For two years after his major surgery, Sandy lived in remission, tending to his new garden of beets, spinach, and kale that he juices, and traveling all over the country for his kids’ hockey games. “I really felt I had beat it,” he says.

But in October 2018, when blood appeared in his urine, tests showed that the colon cancer was back; this time, it had spread to his bladder. “I was in a dark place,” Sandy says. He then took on his new challenge with gusto. “I will get past this,” he said at the time. “Just add this to my résumé.”

Sandy underwent surgery again. Dr. Douglas Scherr, an attending urologist at NewYork-Presbyterian/Weill Cornell Medical Center and professor of urology and clinical director of urologic oncology at Weill Cornell Medicine, removed the tumor from Sandy’s bladder wall using a robotic procedure.

Since then, Sandy has been disease-free. “His risk of recurrence still remains high,” Dr. Shah says, “so we’ll continue to monitor him, but he’s doing quite well.”

These days, Sandy is happy to go in for his screenings, and he has become an advocate for people getting screened for colon cancer at age 45. The American Cancer Society last year lowered the age recommendation from 50 to 45 for people at average risk.

“People are scared of a colonoscopy, but I tell them it’s the best 30-minute sleep of my life,” he says with a laugh.

Colorectal cancer rates in young adults have been rising sharply, Dr. Shah explains. One recent study found that adults born in 1990 have double the risk of colon cancer and four times the risk of rectal cancer, compared to people born around 1950.

“If Sandy had gotten screened at 45, the cancer might have been found before it spread to his liver,” he says.

“I told Sandy, ‘Before we talk about getting your affairs in order, let’s focus on the treatment.’ We use our entire arsenal against the cancer.”

— Dr. Manish Shah

Living With Purpose

Sandy’s life, meanwhile, has taken on a greater purpose. “I want to talk to patients and give them hope,” he says.
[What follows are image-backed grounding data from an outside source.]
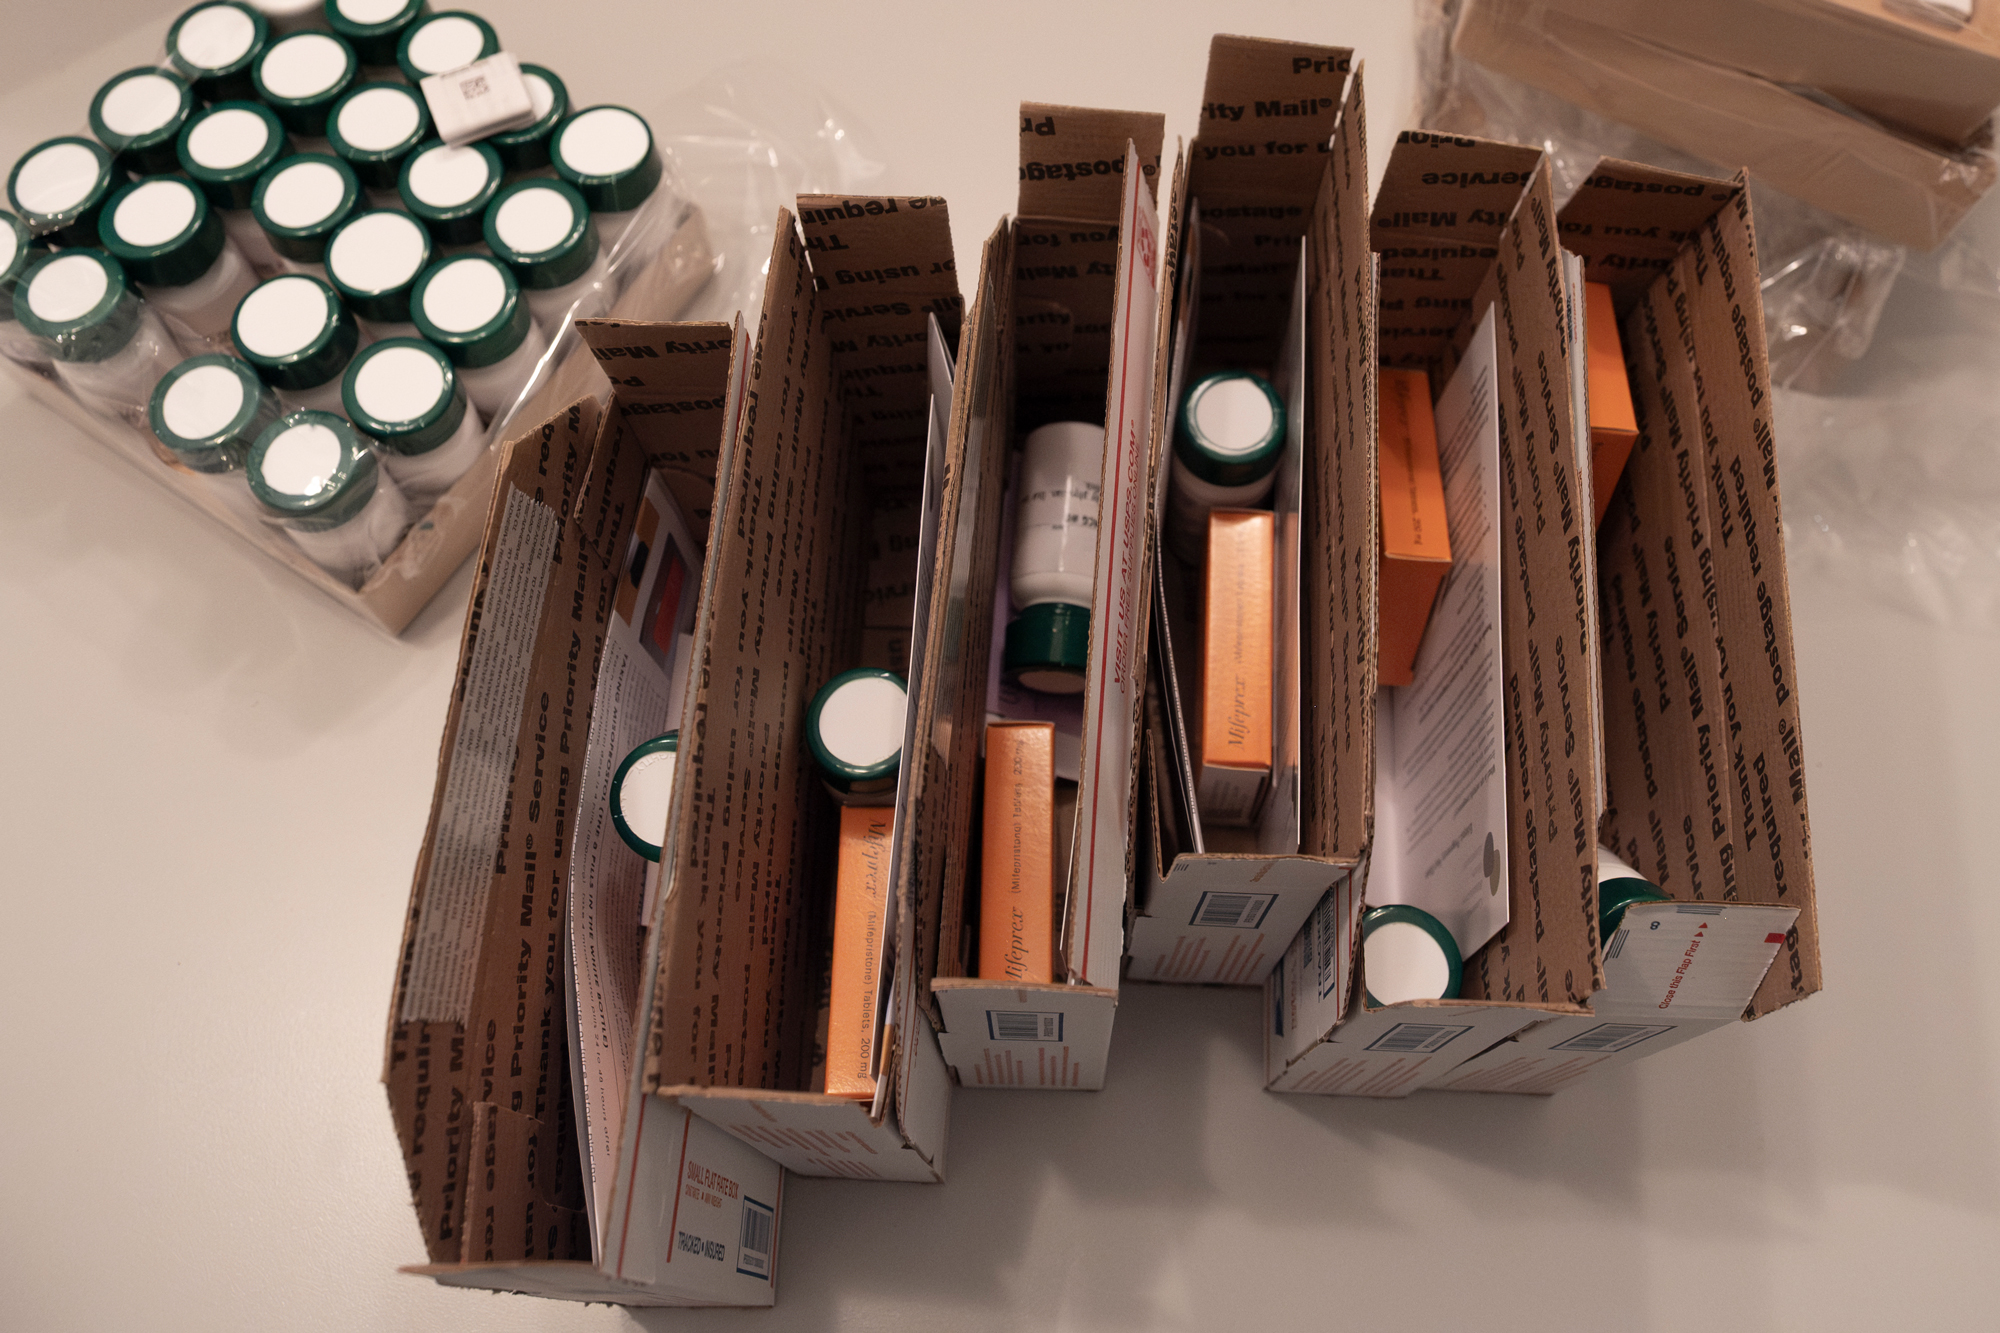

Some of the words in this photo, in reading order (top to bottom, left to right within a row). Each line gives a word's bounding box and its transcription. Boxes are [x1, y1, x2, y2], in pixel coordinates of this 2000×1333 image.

[1254, 98, 1332, 118] Mail®
[1204, 143, 1256, 160] you
[1264, 141, 1308, 155] for
[1604, 226, 1660, 239] you
[834, 264, 920, 286] using
[786, 306, 798, 365] you
[1731, 304, 1762, 410] postage
[780, 375, 790, 423] for
[1535, 351, 1560, 454] Service
[1699, 405, 1719, 456] you
[736, 391, 759, 537] required
[767, 431, 783, 519] using
[1497, 401, 1521, 513] required
[1523, 431, 1548, 535] Priority
[553, 442, 578, 564] Priority
[744, 476, 761, 577] Thank
[794, 446, 810, 559] Priority
[1553, 461, 1573, 535] Mail®
[1676, 448, 1702, 550] Priority
[1707, 456, 1736, 548] Thank
[1730, 454, 1762, 578] required
[492, 548, 504, 585] REMOVE
[776, 477, 794, 593] Service
[1120, 551, 1128, 583] AT
[486, 586, 496, 613] LINER
[506, 562, 518, 599] REMOVE
[518, 576, 530, 613] REMOVE
[524, 588, 534, 622] EXPOSE
[530, 575, 537, 587] TO
[754, 531, 773, 655] Priority
[1118, 587, 1127, 619] US
[1123, 587, 1131, 628] FREE
[1352, 547, 1367, 664] Priority
[1514, 516, 1536, 628] postage
[1561, 535, 1598, 655] Priority
[1661, 536, 1689, 639] Service
[499, 600, 509, 627] LINER
[513, 614, 522, 640] LINER
[737, 588, 749, 651] you
[1756, 581, 1790, 707] postage
[493, 657, 505, 695] REMOVE
[507, 670, 518, 707] REMOVE
[614, 654, 628, 703] TAKING
[1113, 624, 1125, 683] VISIT
[1120, 633, 1129, 693] ORDER
[1642, 609, 1674, 713] Priority
[1713, 635, 1730, 679] for
[501, 709, 510, 736] LINER
[559, 630, 582, 753] Priority
[732, 665, 743, 716] for
[772, 660, 789, 790] postage
[1227, 677, 1251, 748] Mifeprex
[1552, 636, 1576, 758] Service
[1723, 682, 1742, 740] you
[602, 706, 618, 801] MISOPROSTOL
[1506, 671, 1530, 801] required
[1631, 687, 1658, 799] postage
[1778, 715, 1804, 805] Mail®
[552, 766, 570, 858] using
[687, 703, 708, 866] required
[722, 728, 737, 827] using
[752, 726, 769, 849] Priority
[1535, 720, 1560, 842] Priority
[1567, 769, 1587, 857] Mail®
[1693, 724, 1729, 840] Priority
[1733, 746, 1757, 851] Thank
[699, 788, 716, 904] Thank
[735, 769, 751, 902] Service
[861, 821, 886, 893] Mifeprex
[1752, 752, 1788, 898] required
[510, 939, 531, 1077] Priority
[528, 692, 550, 823] Service
[547, 869, 561, 920] for
[588, 894, 594, 910] IN
[760, 802, 779, 945] required
[1522, 809, 1545, 943] postage
[712, 841, 729, 979] Priority
[768, 875, 782, 975] Thank
[1650, 921, 1660, 930] 8
[544, 933, 556, 996] you
[590, 945, 599, 987] WHITE
[693, 920, 705, 990] you
[863, 913, 876, 985] (Mifepristone)
[1670, 973, 1683, 989] this
[1676, 957, 1692, 976] Flap
[1684, 940, 1700, 958] First
[597, 992, 608, 1048] BOTTLE)
[689, 1005, 701, 1063] for
[761, 988, 772, 1047] you
[860, 990, 872, 1032] Tablets,
[1658, 987, 1676, 1010] Close
[534, 1007, 552, 1119] Thank
[857, 1061, 868, 1079] mg
[859, 1038, 870, 1058] 200
[439, 1088, 464, 1241] Priority
[527, 1133, 538, 1188] for
[687, 1161, 704, 1186] SMALL
[704, 1168, 717, 1190] FLAT
[716, 1175, 729, 1196] RATE
[728, 1181, 739, 1200] BOX
[678, 1231, 701, 1256] TRACKED
[704, 1240, 725, 1262] INSURED
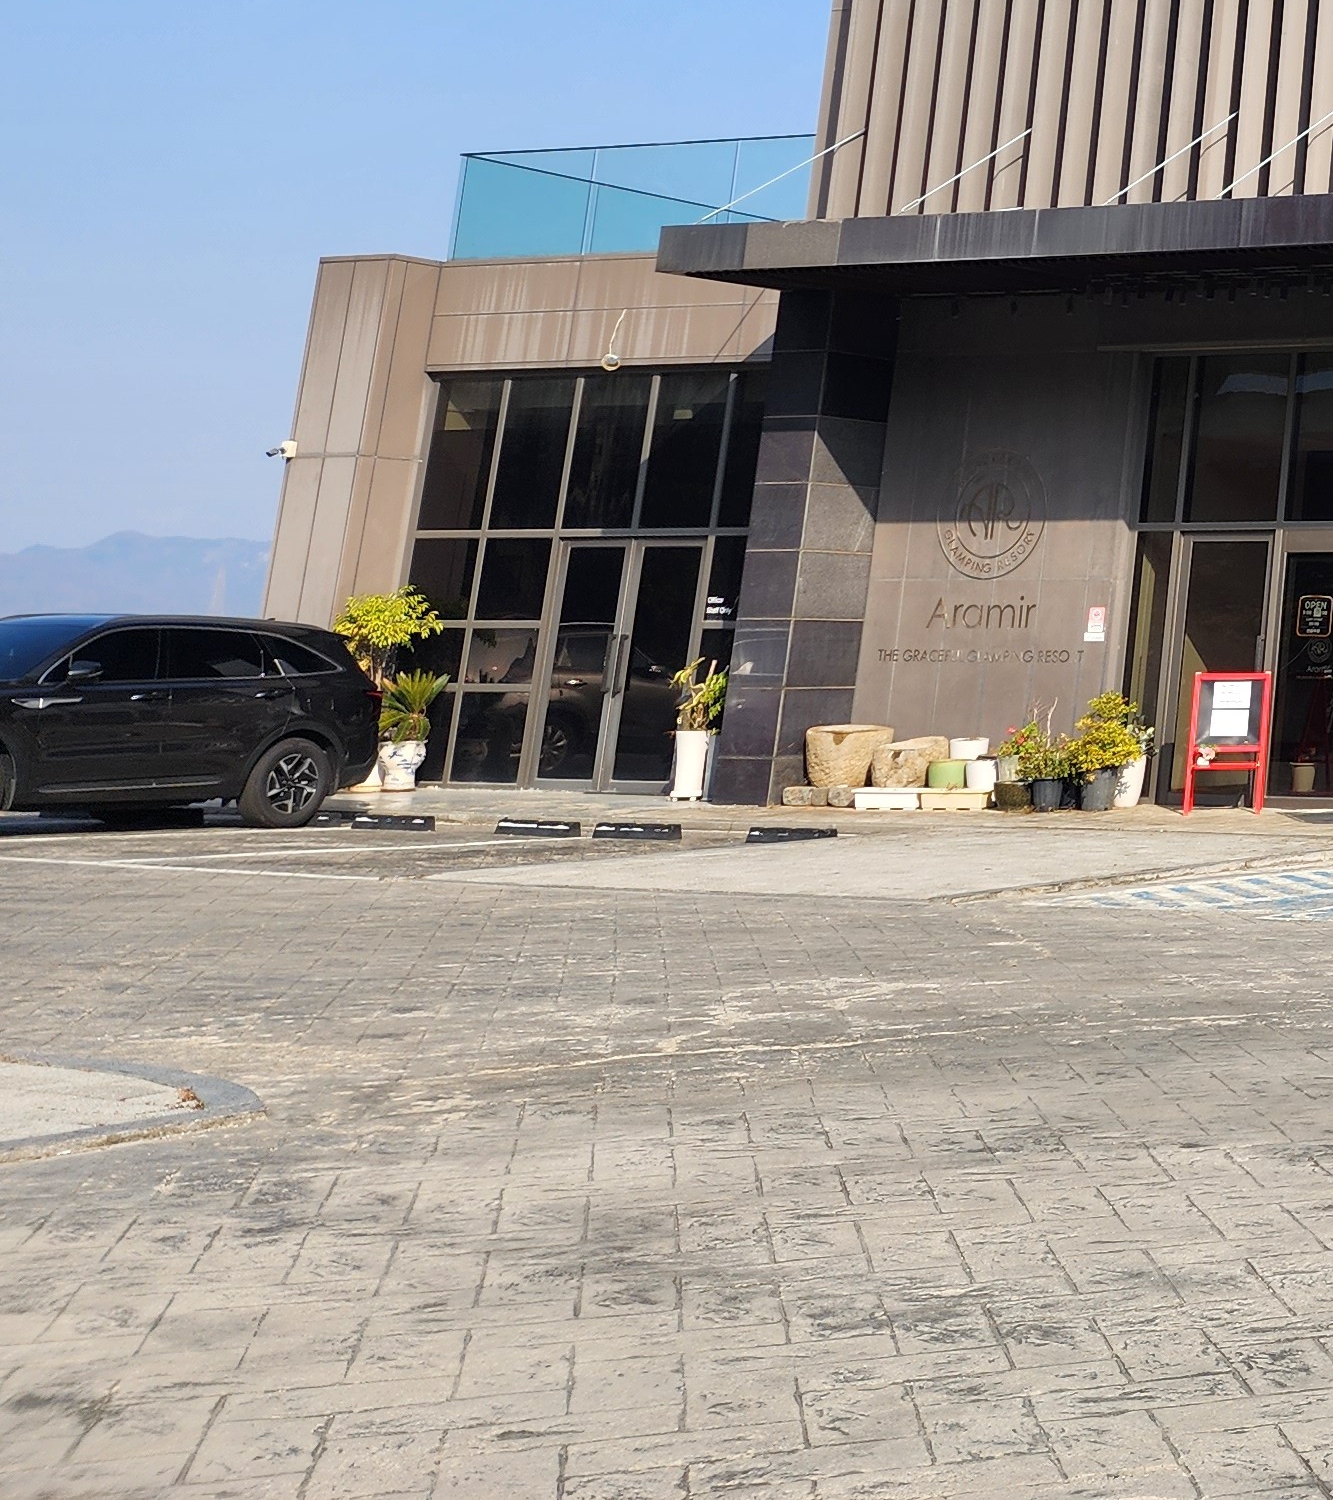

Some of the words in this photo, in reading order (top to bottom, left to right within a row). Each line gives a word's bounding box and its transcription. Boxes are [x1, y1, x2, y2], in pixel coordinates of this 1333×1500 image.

[944, 529, 992, 574] GLAMPING
[997, 530, 1035, 572] RESORT
[926, 595, 1036, 629] Aramir
[1305, 601, 1328, 610] OPEN
[878, 649, 899, 662] THE
[966, 650, 1034, 663] GLAMPNG
[1037, 650, 1085, 663] RESOT
Indeed, the day after his bladder surgery, Sandy sat propped up in his hospital bed, speaking on the phone with a man diagnosed with colon cancer. Since then, Sandy has spoken to dozens of colon cancer patients on the phone and in hospitals, many through an organization that connects patients with survivors, and he has launched a “Cancer with Sandy” Facebook support group.

“I’ve been living with this disease for five years,” Sandy says. “I’m probably going to live with it for the rest of my life, so it’s part of my life.” Yet he adds, “I feel like I’ve been going through this because this is my calling. I want to help people, I want to give them hope. If I can help one person, I feel like I’ve done a good job.”

“It feels so good to tell my story,” he adds, “because Dr. Shah gave me hope that day when he told me that surgery was possible.”

Sandy is grateful to be able to see his son and daughter being recruited to play hockey when they go off to college. “I wake up every day and thank God that I’m alive.”

And he is thankful to Drs. Shah, Halazun, and Scherr and the rest of his healthcare providers for not giving up on him.

The way the doctors cared for Sandy, he says, “I felt like they loved me.”

“The whole team was awesome,” he adds. “I was so lucky to have found them. These days, even when things are stressful, I don’t let it bother me. I have a beautiful wife and two healthy children … it seems impossible that I’m still living, but I feel like a damn lucky guy.”